I guess we have a new arrival sensor (z-wave) to look forward to.
Bout time there was some competition to the ST version!!
I don’t get why the article is suggesting it’s new and innovative though, nor how the idea could be patented when ST have been doing it for years??
I also don’t get the accelerometer battery saving idea… if it stops pinging ST will assume it’s gone away!
It must send some kind of “I’m here but going silent for a bit” event before going to standby, so I imagine it will need a fairly fancy DH to get it working.
Yea I was thinking about the whole patent thing. Maybe because of the accelerometer? Or maybe because it’s a z-wave device and not zigbee? I believe the ST presence sensors are zigbee.
I don’t know how the accelerometer would help with this. Obviously it’s to have it go into a power saving mode when the sensor isn’t moving any longer. No idea what “magic” is behind it though. Maybe that’s the patent? I’m sure someone can dig up the patent docs that are pending somewhere. I’m too lazy to look for them lol.
I’ll be happy to check it out when it’s eventually released. Hopefully it’s no more than $50. But I’d be happier if it was in the $30 range, lol.
Zwave / Zigbee differential is probably it.
From my understanding, Zwave is a lot more power hungry, so unless it has a bigger battery it’s not going to have great longevity, maybe I’m wrong. @JDRoberts ?
They’re listing this with a battery life of one month, and then you have to recharge it.
The patent pending part of this is they want to put in accelerometer in it which will know if you’re moving and then if it sits still for a while it will stop pinging the controller, which then would save battery life.
That part makes some sense except the device has to keep waking up to see if it’s moved and my guess is that’s going to be trickier than they think it is.
@RobinWinbourne is quite correct that zigbee has better power management than Z wave. It also has an automatic check in which zwave does not, and consequently uses less power just to manage that whole process.

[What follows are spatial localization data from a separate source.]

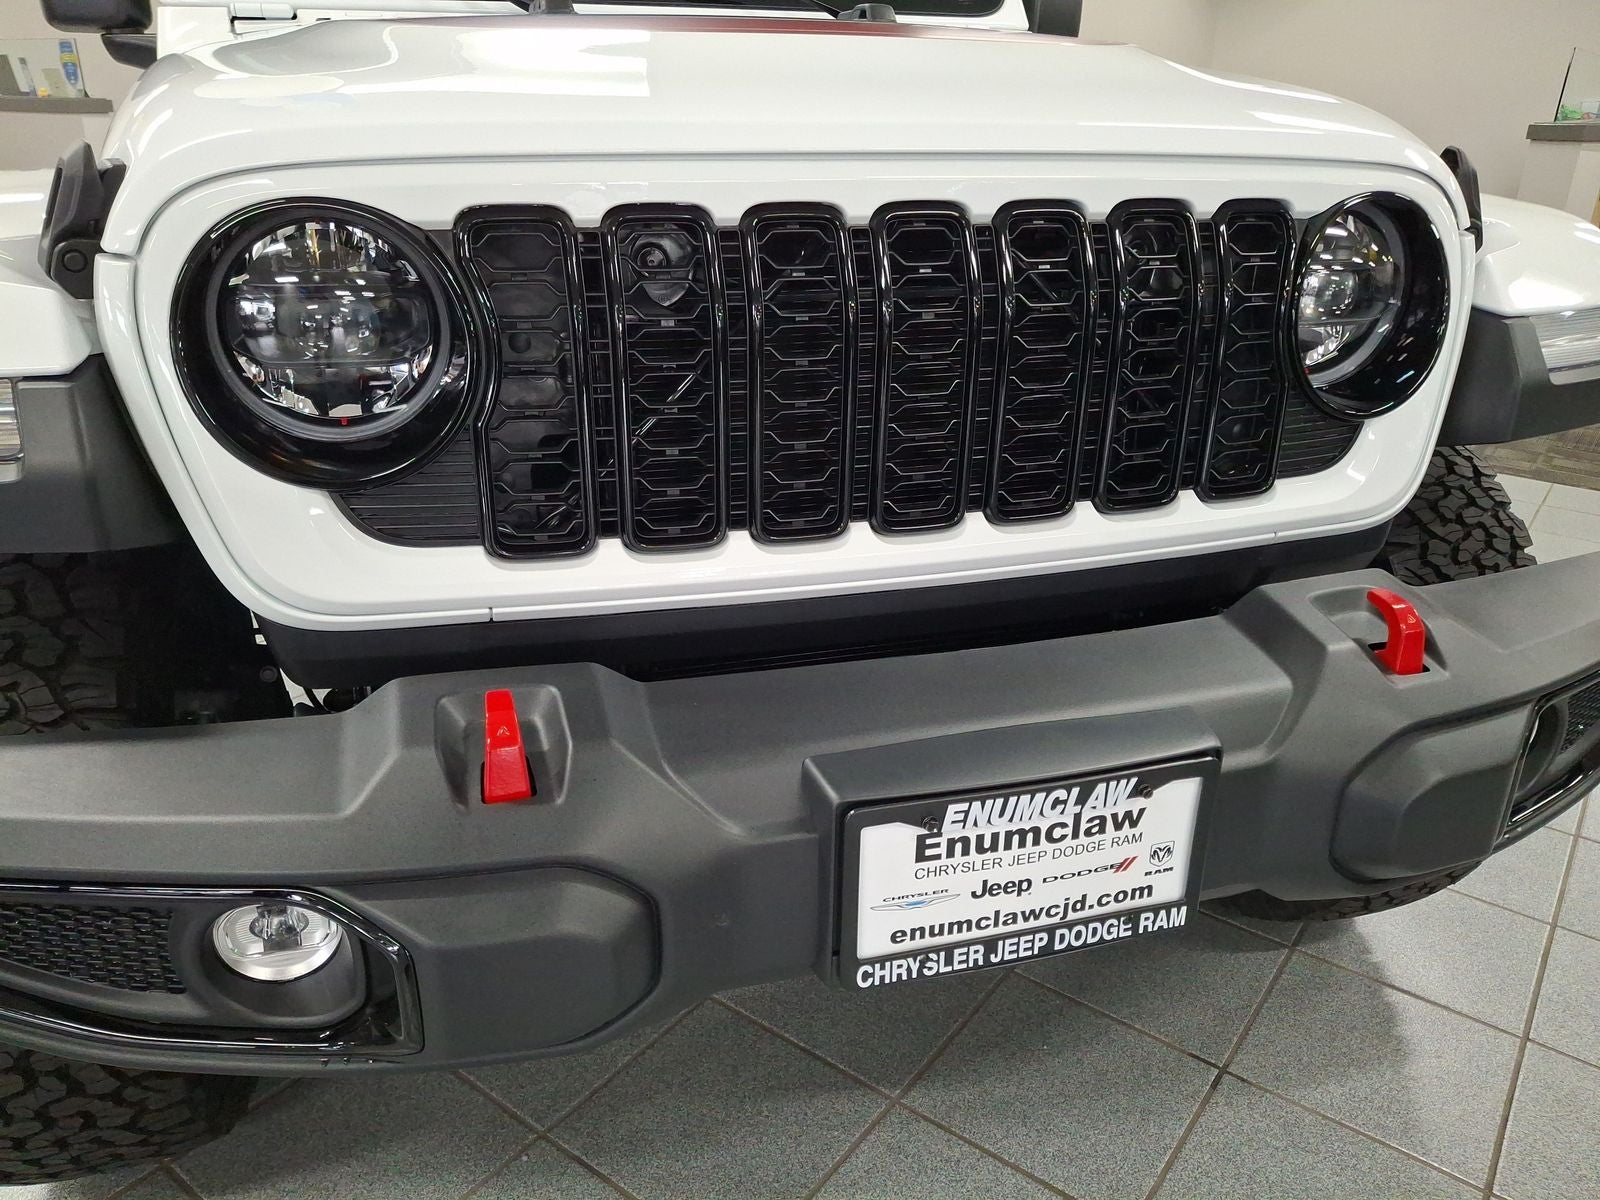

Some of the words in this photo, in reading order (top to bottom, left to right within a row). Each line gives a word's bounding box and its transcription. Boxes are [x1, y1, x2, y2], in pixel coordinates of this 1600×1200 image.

[941, 776, 1138, 833] ENUMCLAW
[914, 856, 1002, 880] CHRYSLER
[1008, 850, 1047, 867] JEEP
[1053, 839, 1107, 860] DODGE
[1111, 832, 1143, 847] RAM
[915, 806, 1148, 864] Enumclaw
[883, 888, 949, 902] CHRYSLER
[971, 876, 1032, 899] Jeep
[1042, 863, 1121, 884] DODGE
[1144, 867, 1174, 876] RAM
[890, 884, 1153, 945] enumclawcjd.com
[856, 944, 984, 989] CHRYSLER
[990, 932, 1049, 963] JEEP
[1054, 915, 1132, 952] DODGE
[1138, 906, 1186, 934] RAM
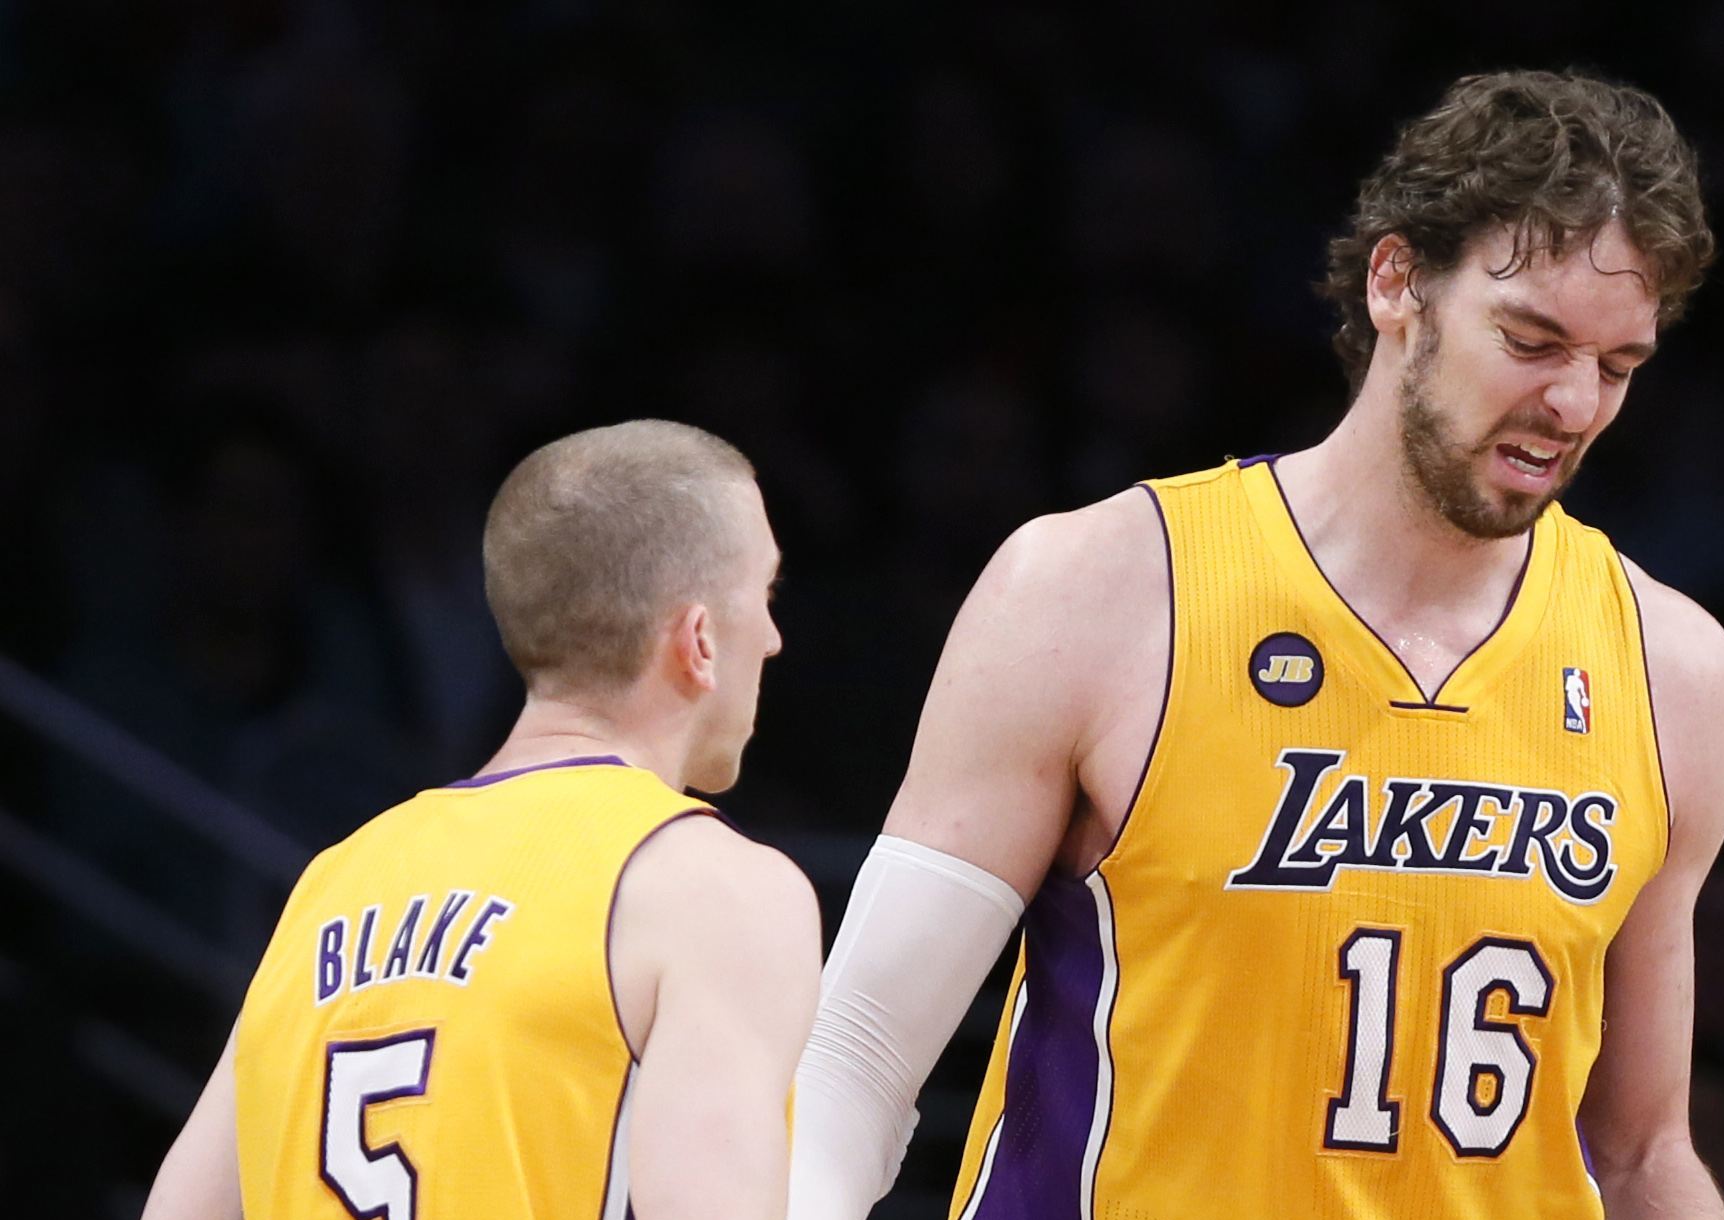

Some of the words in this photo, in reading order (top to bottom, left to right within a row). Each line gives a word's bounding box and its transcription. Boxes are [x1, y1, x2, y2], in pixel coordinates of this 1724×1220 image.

Short answer is there’s no reason why this couldn’t work, but you’ll need to recharge the batteries much more often then for the zigbee fob. It might make sense for some Z wave only platforms, particularly for something to give a kid who doesn’t have a smart phone yet, but it’s not likely to make sense in a SmartThings system unless they make it super cheap so you can afford to have two and deal with the charging issues that way. And with the accelerometer logic, it’s likely to be more expensive.
We’ll see what actually comes to market.
It’s not coming up on the zwave alliance certification search… must still be a long way off!!
There is some competition in the US market, but the main competition is always going to be Wi-Fi on the phone.
This has now been zwave certified, but only on the EU frequency. And still not available to purchase yet.
Leedarson is a Chinese company, they may not intend to certify it on the US frequency, we’ll have to wait-and-see.
This was posted recently, this month. The Plug will be released in the US according to the press release. Also, their product listing says it has FCC Certification. However, nothing has been found on a possibly linked FCCID.io page. This is cool that it will use a Li-on battery. I’ve broken 2 ST arrival sensors because of trying to change batteries. I’d be much more comfortable charging this monthly.
If/when this releases in the US, I will be developing a DTH.
The press release says that the smart plug is currently available for both the US and UK, but it doesn’t say anything one way or the other about the arrival sensor, and, as mentioned, so far they have only gotten it certified for the EU.